BATESON, William.
Materials for the Study of Variation Treated with Especial Regard to Discontinuity in the Origin of Species.
Materials for the Study of Variation Treated with Especial Regard to Discontinuity in the Origin of Species.
Stock Code 118415
London and New York, Macmillan and Co., 1894.
inscribed to a colleague
First edition of the most important of Bateson's scientific works published before he rediscovered Mendel's laws. Presentation copy inscribed in the year of publication to his colleague, 'S.F. Harmer, with kind regards, W.B., February 1894'. Uncommon inscribed.William Bateson (1861-1926) was one of the leading figures in the birth of genetics and the revival of Darwinian evolution at the turn of the twentieth century, though he had initially questioned Darwin's gradual accumulation of small heritable changes and instead studied how major (discontinuous) changes are inherited. He focused on plant hybrids, and the present volume summarised his discoveries (Hook & Norman, Norman Library of Science and Medicine 134). But the book also expounded on a fundamental question: 'Variation is the cause of the evolution of species; but what causes variation, and how does it happen?' (Printing and the Mind of Man 356).

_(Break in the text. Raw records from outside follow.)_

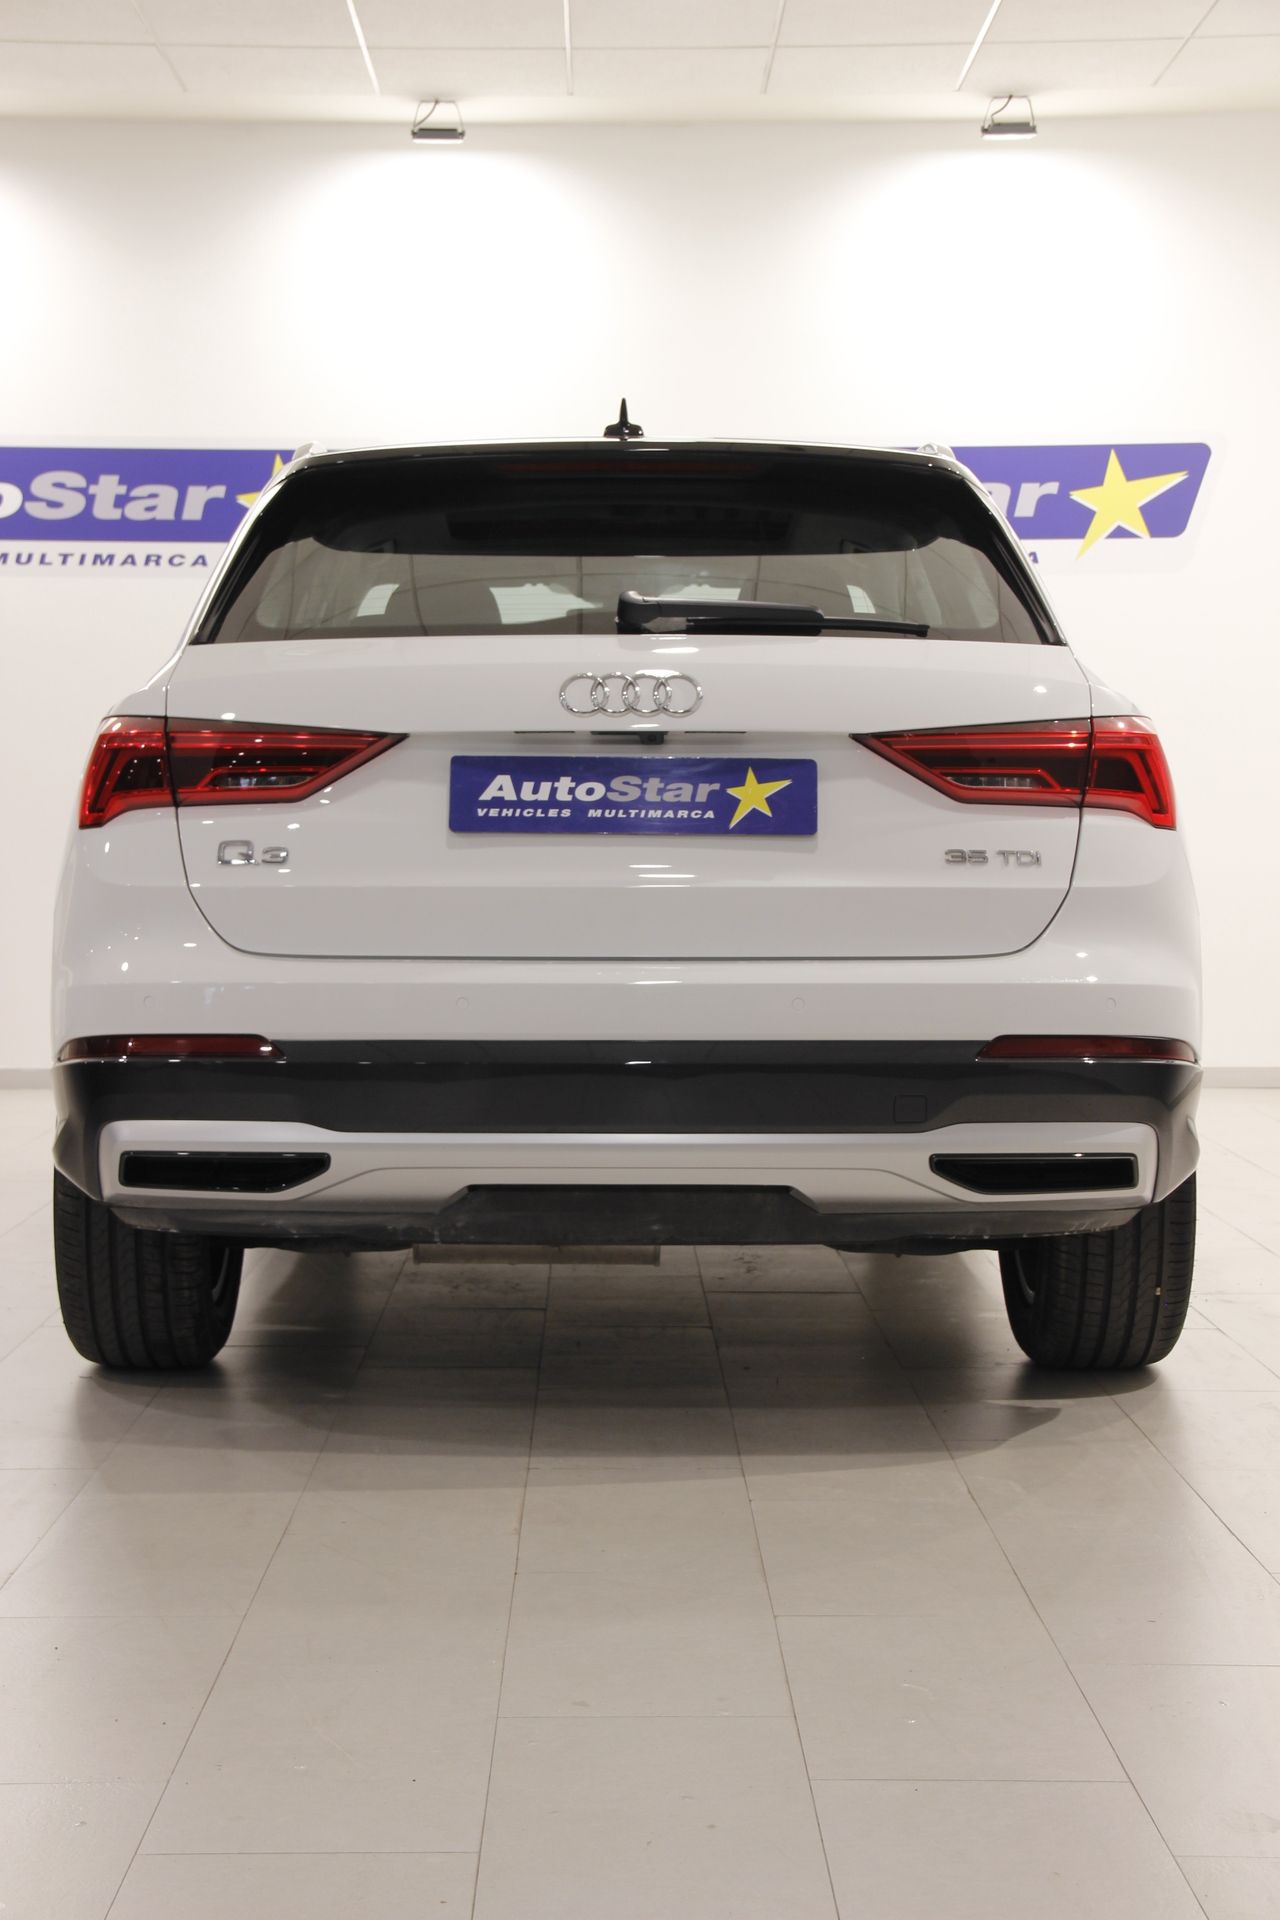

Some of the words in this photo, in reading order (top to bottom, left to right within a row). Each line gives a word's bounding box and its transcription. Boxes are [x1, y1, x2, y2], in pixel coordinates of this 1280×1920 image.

[478, 774, 721, 803] AutoStar
[476, 807, 572, 818] VEHICLES
[587, 808, 716, 819] MULTIMARCA
[217, 840, 289, 865] Q3
[944, 849, 989, 865] 35
[996, 849, 1042, 866] TDI

Only two years later, in 1896, Bateson read the first paper by Hugo de Vries in the series that would reintroduce Mendelian genetics to the scientific community. He 'promptly turned to Mendel's text 'Versuche über Pflanzenhybriden' and recognized its significance... Eagerly he persuaded the [Royal Horticultural] society to have the paper translated into English and published in its Journal. Aided by his contacts in the Royal Horticultural Society and his friends in the Royal Society, Bateson gained support for the programme of Mendelian experiments upon which he now embarked' (Oxford Dictionary of National Biography). He went on to make major discoveries in genetics, including the first evidence of Mendelian heredity in humans, and named many of the primary concepts in the field. His campaign for long-term funding of the subject at Cambridge resulted in the endowment of the first chair in genetics.

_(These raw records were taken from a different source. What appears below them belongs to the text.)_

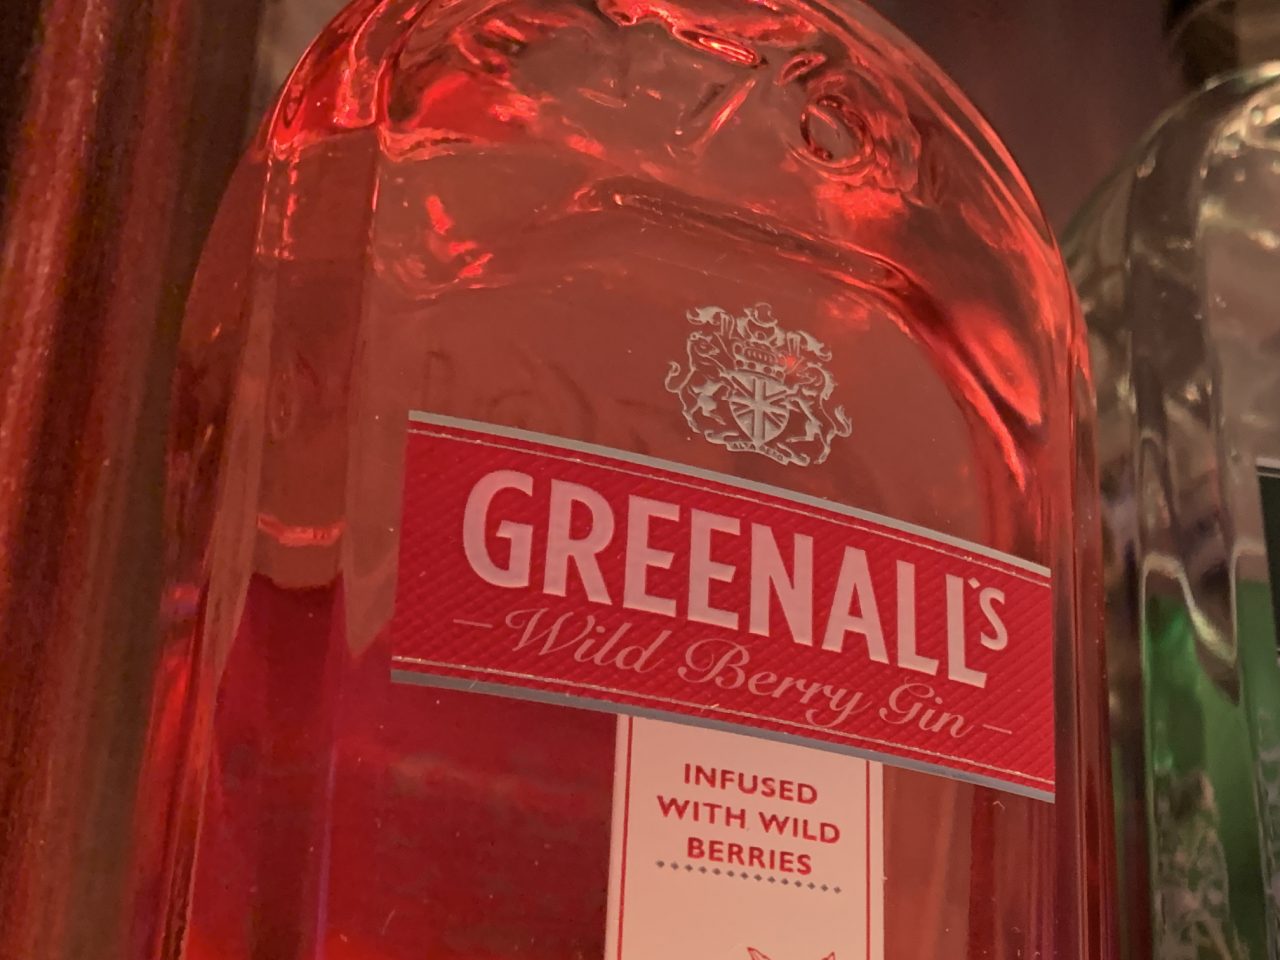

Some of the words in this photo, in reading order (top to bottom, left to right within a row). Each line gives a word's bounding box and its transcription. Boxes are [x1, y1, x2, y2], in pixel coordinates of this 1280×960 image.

[505, 608, 664, 674] Wild
[678, 637, 872, 728] Berry
[880, 678, 975, 739] Gin
[684, 763, 818, 804] INFUSED
[657, 795, 746, 829] WITH
[759, 811, 841, 843] WILD
[687, 836, 813, 875] BERRIES
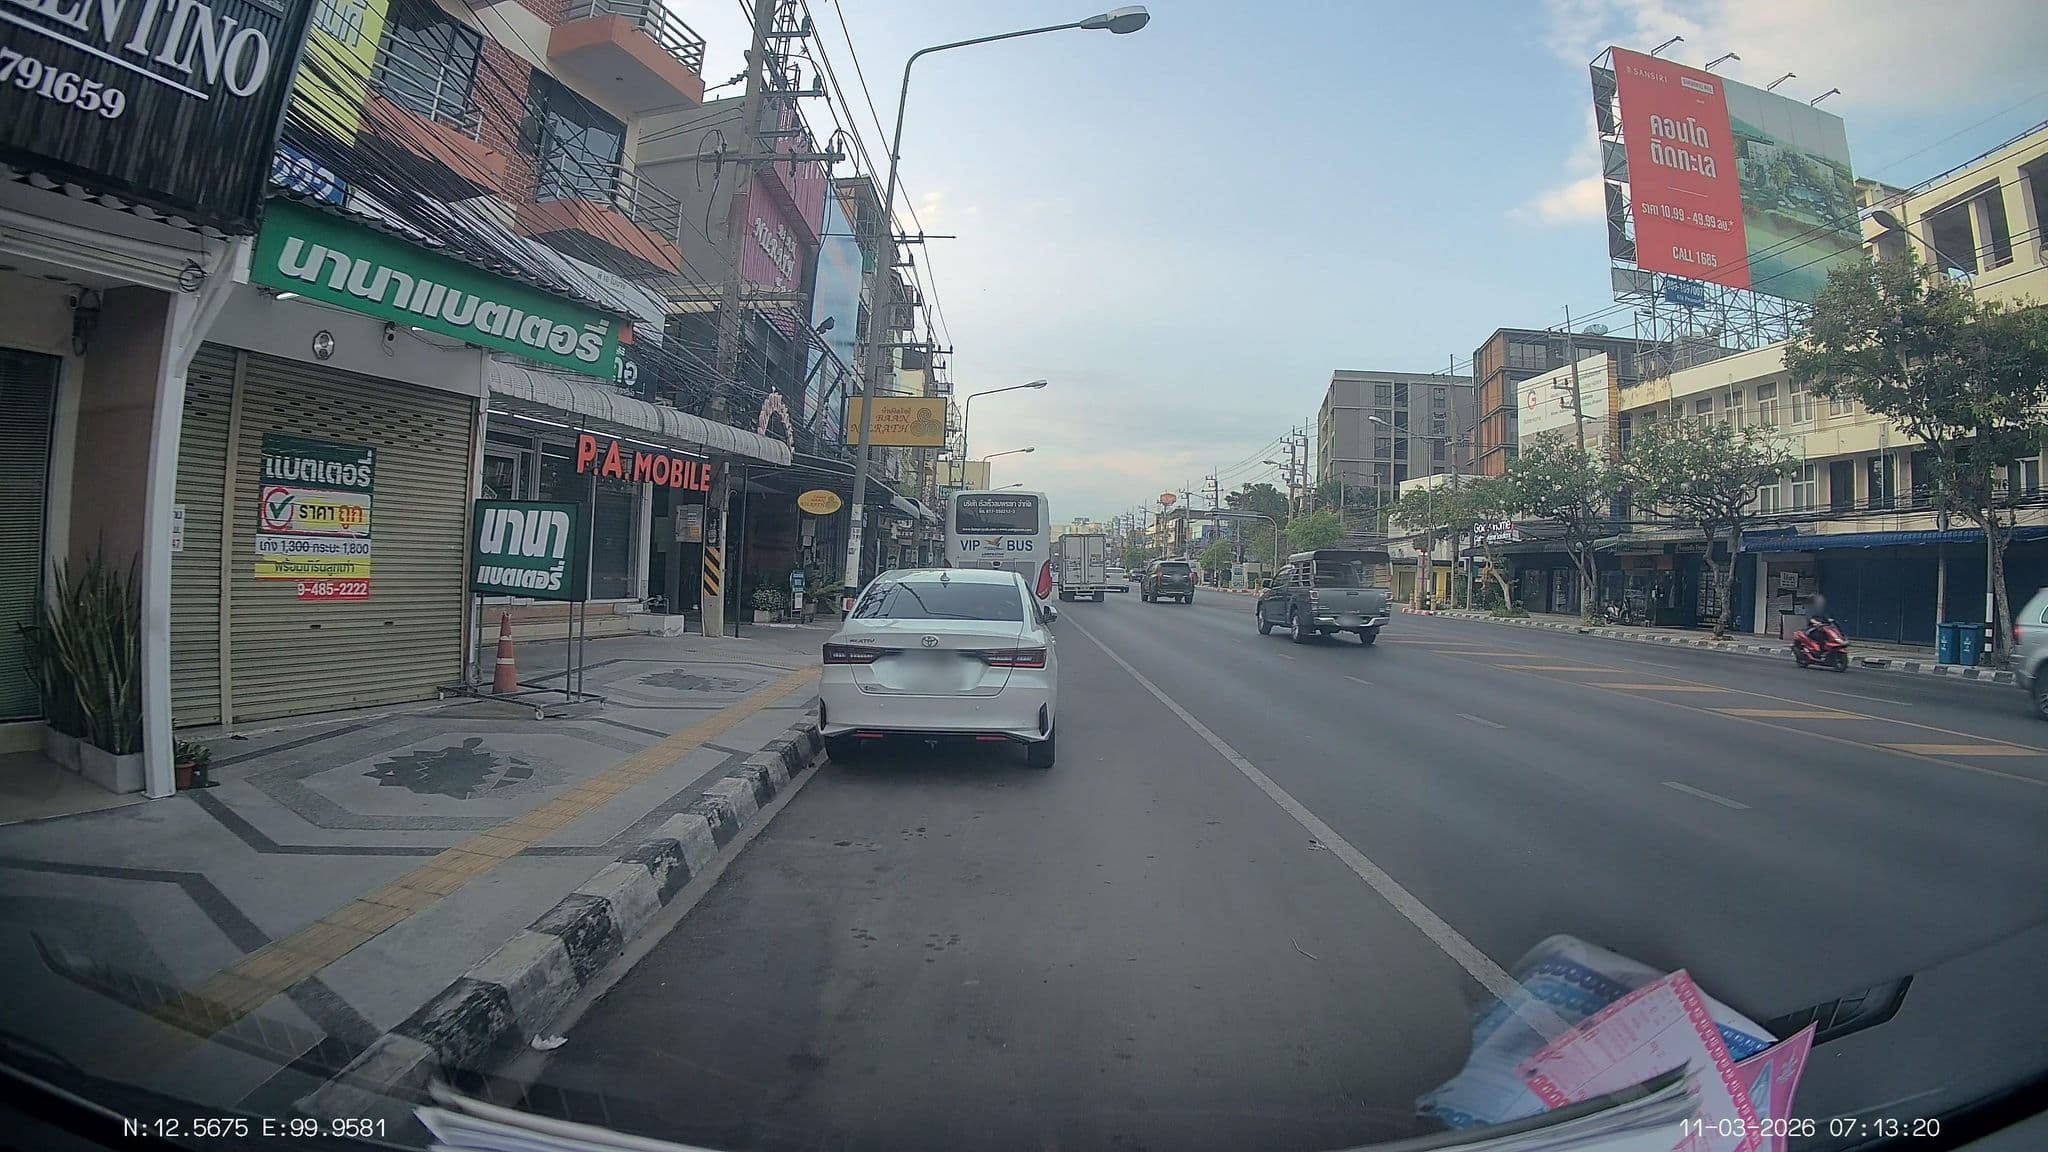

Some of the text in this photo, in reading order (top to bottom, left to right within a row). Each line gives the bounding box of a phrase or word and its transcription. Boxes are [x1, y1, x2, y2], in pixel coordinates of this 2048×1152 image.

[1633, 68, 1668, 84] SANSIRI
[1650, 114, 1710, 149] คอนโด
[1650, 138, 1717, 179] ติดทะเล
[1661, 204, 1686, 222] 10.99
[1692, 212, 1716, 229] 49.99
[1672, 246, 1718, 268] CALL 1685
[277, 235, 611, 363] นานาแบตเตอรี่
[265, 450, 372, 487] แบตเตอรี่
[299, 504, 363, 530] ราคา ถูก
[479, 508, 570, 559] นานา
[960, 540, 1033, 551] VIP BUS
[281, 540, 310, 554] 1,300
[342, 543, 369, 556] 1,800
[476, 560, 566, 591] แบตเตอรี่

The recipient of this copy, Sidney Frederic Harmer (1862-1950), was a Cambridge zoologist who focused on invertebrate taxonomy. At the time of publication he was superintendent of the Cambridge University Museum of Zoology, and by 1919 would become director of the Natural History Museum in London. Harmer's Royal Society obituary notes that, 'William Bateson had gone (? about 1885), as Balfour Scholar, to Siberia, where he learned to speak, but not to read, Russian. When he returned he was delighted to find that Harmer, knowing nothing of the language to start with, had translated the titles of all the Russian pamphlets in the Balfour Library'.
First edition, presentation copy inscribed by the author on the verso of the front free endpaper; 8vo; engravings and charts throughout the text, single leaf of undated publisher's ads at rear, spotting throughout; original, fine-dotted green cloth, titles to spine gilt, rectangular panel to boards stamped in blind, green coated endpapers, spine a little rolled and toned, cloth rubbed marked with wear at the tips and a small worn spot on the lower joint, hinges cracked, a very good copy; 598pp.
Hook & Norman, The Norman Library of Science and Medicine 134; Printing and the Mind of Man 356.